If the hard work of Kennedy-besotted journalists wasn't enough to clean up the Kennedy presidency, there was always the Hollywood whitewashing in movies such as
Thirteen Days.
The producers must have missed the part of Khrushchev's memoirs where he said: “It would have been ridiculous for us to go to war over Cuba—for a country 12,000 miles away. For us, war was unthinkable. We ended up getting exactly what we'D wanted all along, security for Fidel Castro's regime and American missiles removed from Turkey.”
15
Good work, JFK! Way to show Obama how it's done!
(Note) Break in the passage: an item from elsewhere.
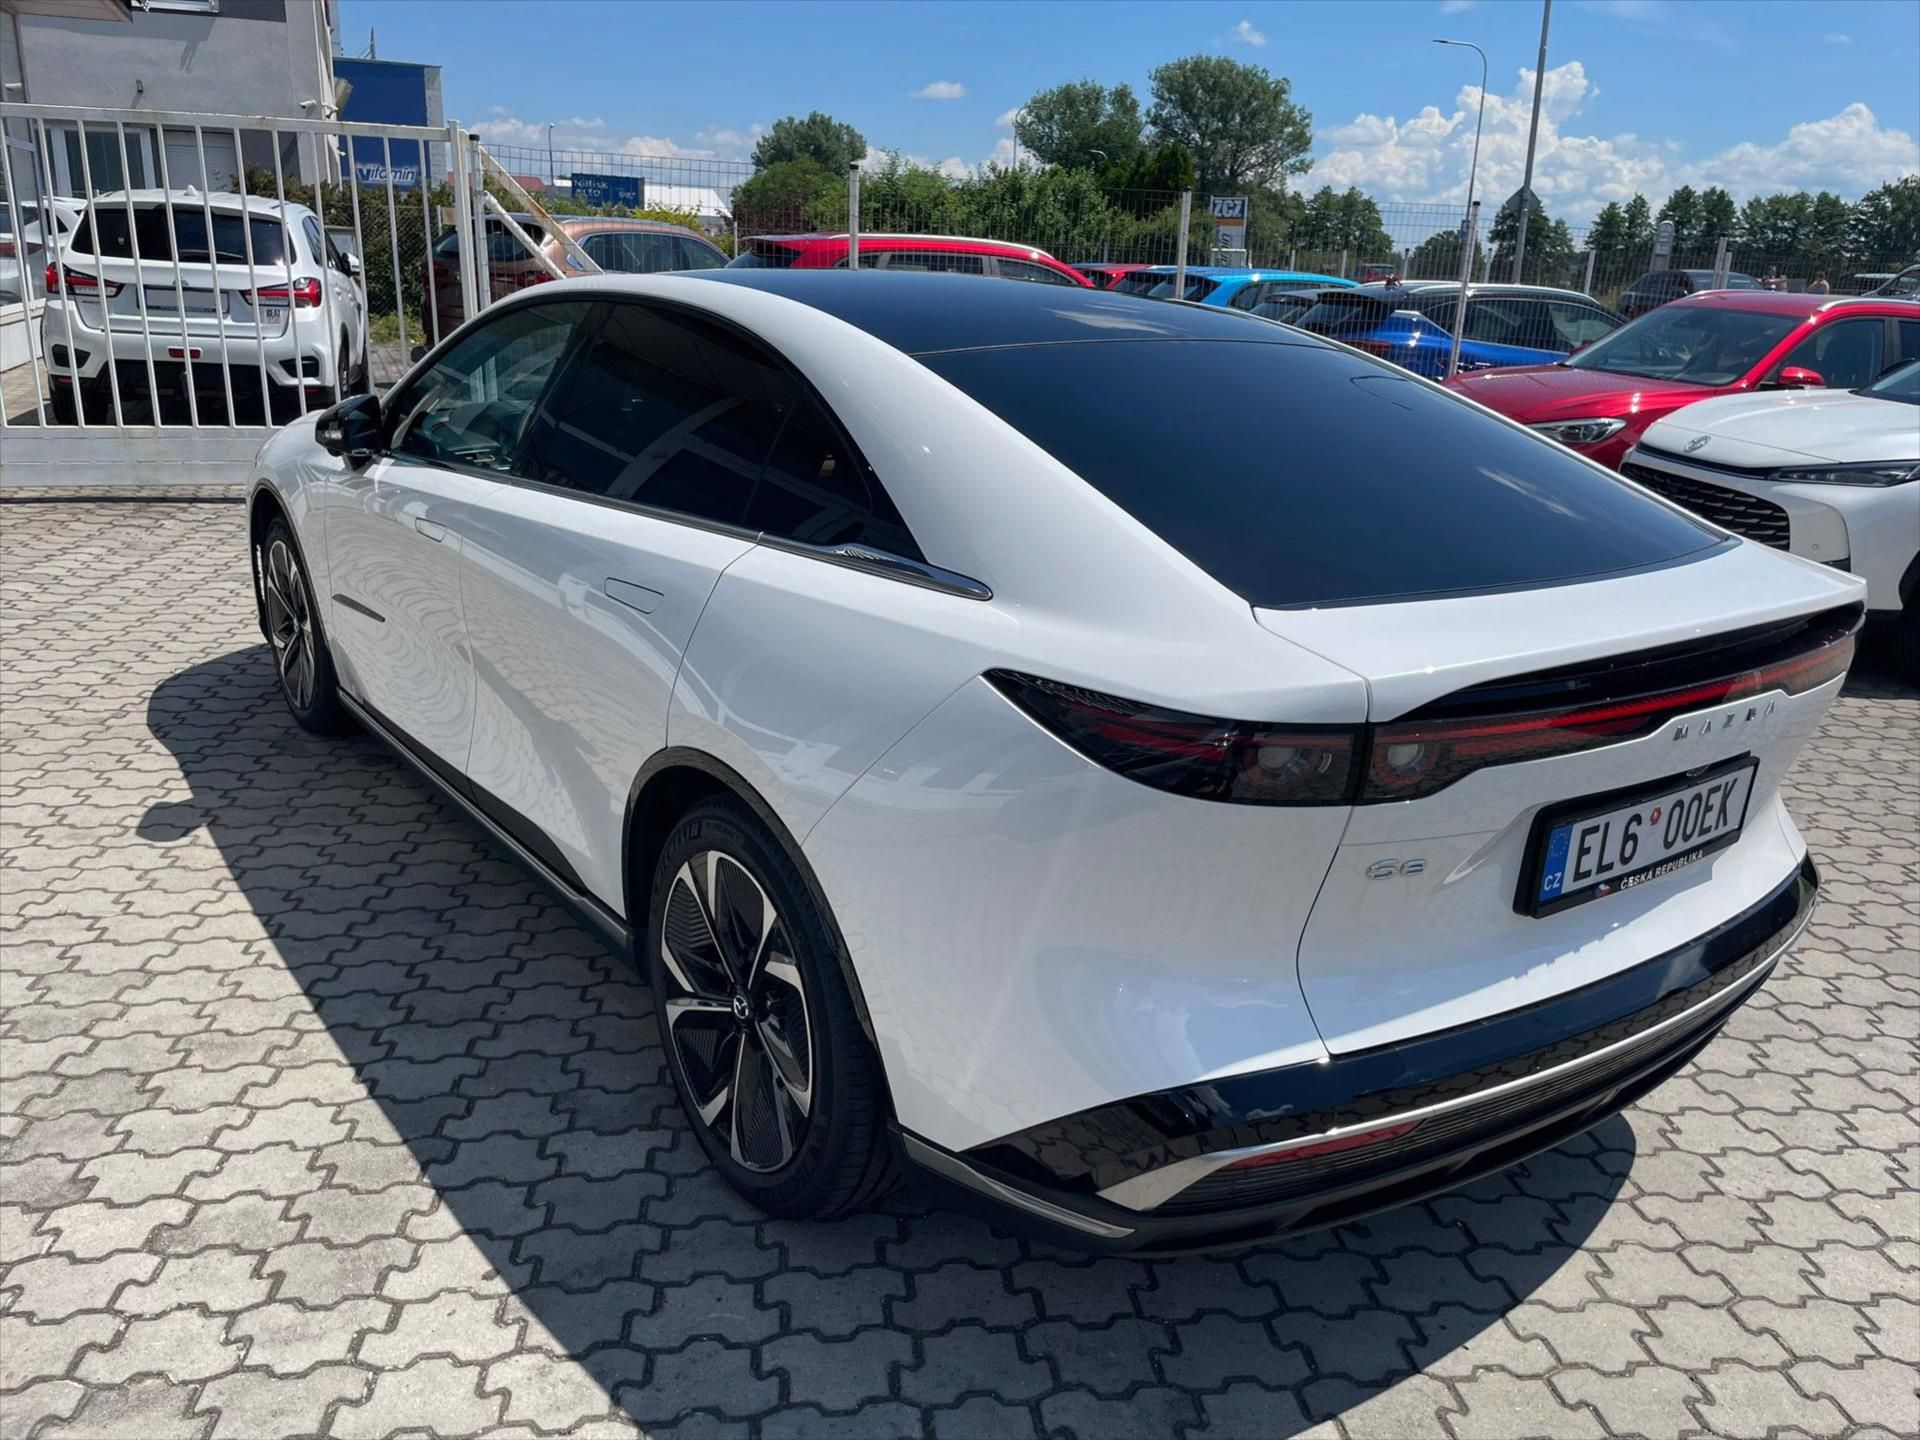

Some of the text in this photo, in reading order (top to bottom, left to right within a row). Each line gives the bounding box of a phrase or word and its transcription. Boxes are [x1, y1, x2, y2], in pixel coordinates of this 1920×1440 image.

When Seymour Hersh asked Associated Press reporter James Bacon why he never breathed a word of Kennedy's well-known affair with Marilyn Monroe, Bacon explained that “before Watergate, reporters just didn't go into that sort of thing.” Unself-consciously, he added, “There was no pact. It was just a matter of judgment on the
part of the reporters.” I've never understood why it should be comforting that there is no “pact” when a uniformly liberal press uses its “judgment” to manipulate coverage of politicians for partisan purposes— held individually!—by each and every practicing journalist.
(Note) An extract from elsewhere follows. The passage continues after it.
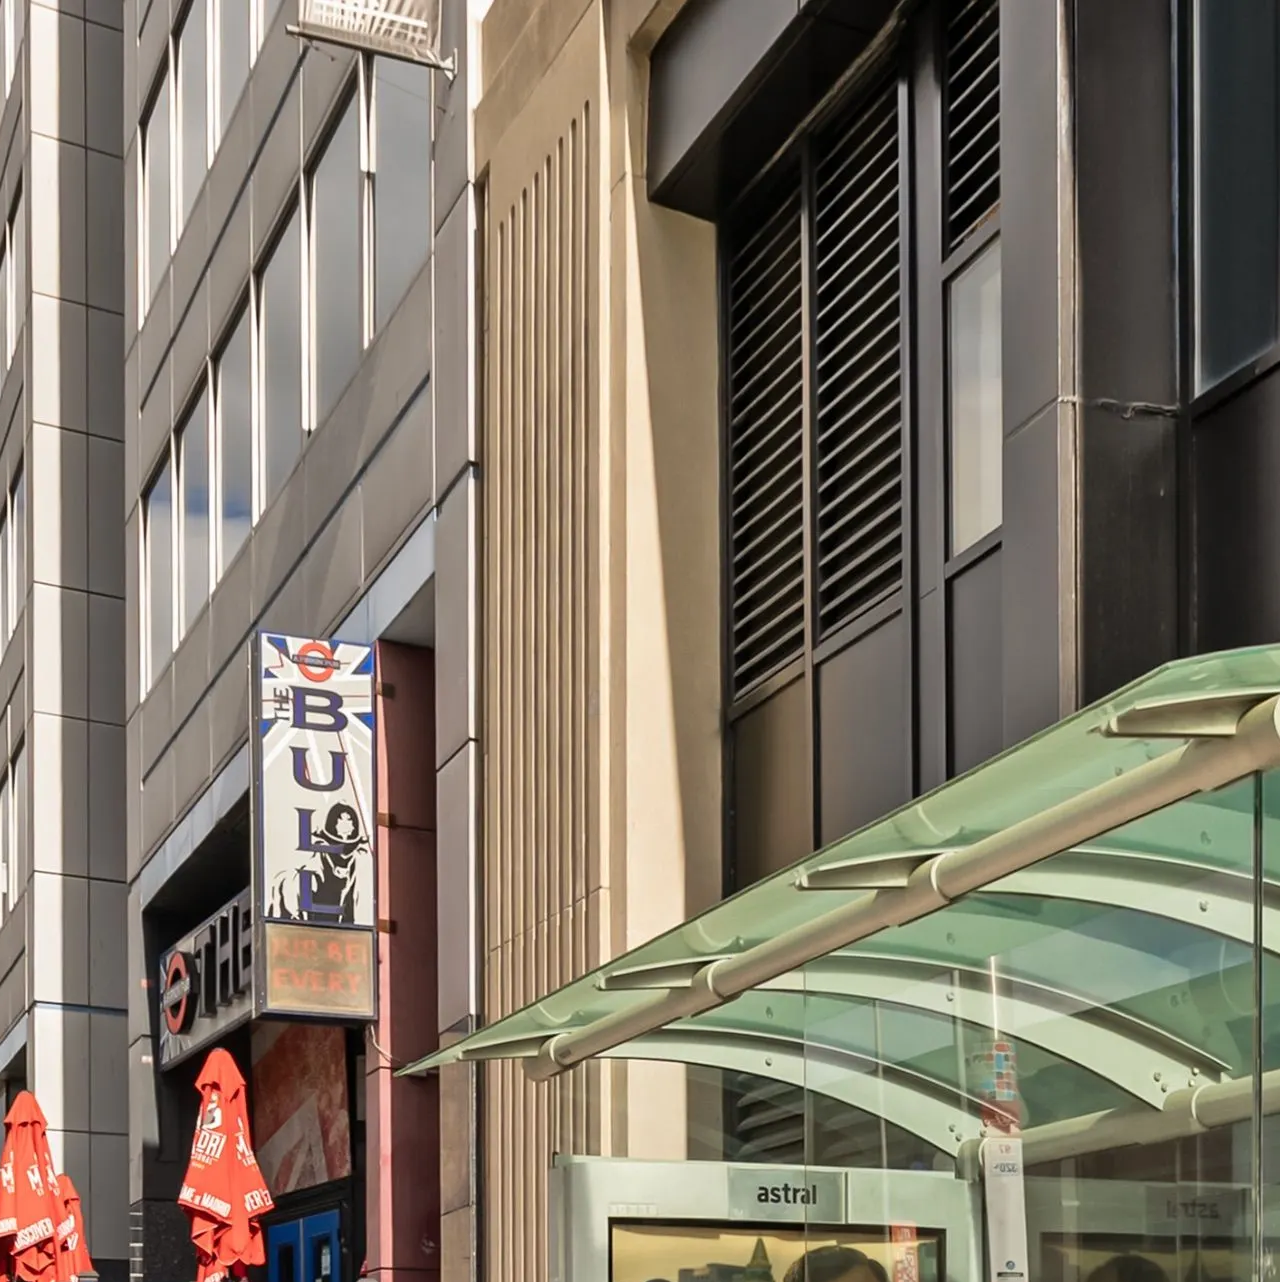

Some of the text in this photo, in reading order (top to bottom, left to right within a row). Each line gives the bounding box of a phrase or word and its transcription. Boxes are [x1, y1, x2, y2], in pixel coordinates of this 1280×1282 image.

[273, 687, 290, 721] THE
[289, 685, 348, 914] BULL
[273, 968, 362, 994] EVERY
[757, 1183, 817, 1204] astral
If, as AP reporter Bacon told Hersh, it was “just a matter of judgment on the part of the reporters” whether to report on the president's torrid affair with Marilyn Monroe, his near-daily use of prostitutes, and his “daunting” list of drugs, as the
New York Times
finally admitted, including but not limited to hydrocortisone, testosterone, codeine, methadone, Ritalin, antihistamines, anti-anxiety drugs, barbiturates, and Procaine injections
16
—in whose judgment were those stories uninteresting? Can I meet that person?
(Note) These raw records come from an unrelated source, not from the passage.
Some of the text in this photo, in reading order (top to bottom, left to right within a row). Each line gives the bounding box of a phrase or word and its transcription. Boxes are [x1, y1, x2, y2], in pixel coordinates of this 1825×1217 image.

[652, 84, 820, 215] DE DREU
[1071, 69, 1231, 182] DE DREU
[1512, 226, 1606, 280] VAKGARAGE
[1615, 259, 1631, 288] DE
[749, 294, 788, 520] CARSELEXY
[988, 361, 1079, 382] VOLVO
Bacon claimed it was the shocking facts of “Watergate” that nudged the press into a more adversarial role: “Before Watergate, reporters just didn't go into that sort of thing.” This gets rather circular. There would never have been a “Watergate” if the press hadn't been a teensy bit rougher on President Nixon than it was on President Kennedy. Reporters are compelled by the facts of the stories they report to report them, but they are not compelled to report the stories they don't report because the public remains unaware of the facts of the unreported stories.

In fact, Watergate was a boring story. The sort of skulduggery for which Nixon was crucified was standard practice in modern politics. Presidents Roosevelt, Kennedy, and Johnson had used the FBI and Justice Department to harass their enemies and tap their phones—often with the gleeful connivance of the media.
17
NBC bugged Democratic headquarters in 1968. President Lyndon B. Johnson openly committed voter fraud to win elections in Texas, and he bugged Barry Goldwater in 1964. JFK's arm's-length attorney general Bobby Kennedy asked the FBI for files on steel company executives and sent agents to their homes to harass them.
18
LBJ assistant Bill Moyers, now of PBS News, monitored the FBI's bugs on Martin Luther King's hotel room, distributing the tapes to select members of the Johnson administration as well as the press. Moyers also ordered the FBI to gather information about the sexual proclivities of Goldwater's staff.
19
A decade later, President Jimmy Carter wanted to make Moyers director of the CIA.
20
I guess it was just
the press's “judgment” to flip from toadies to a howling lynch mob when Nixon became president.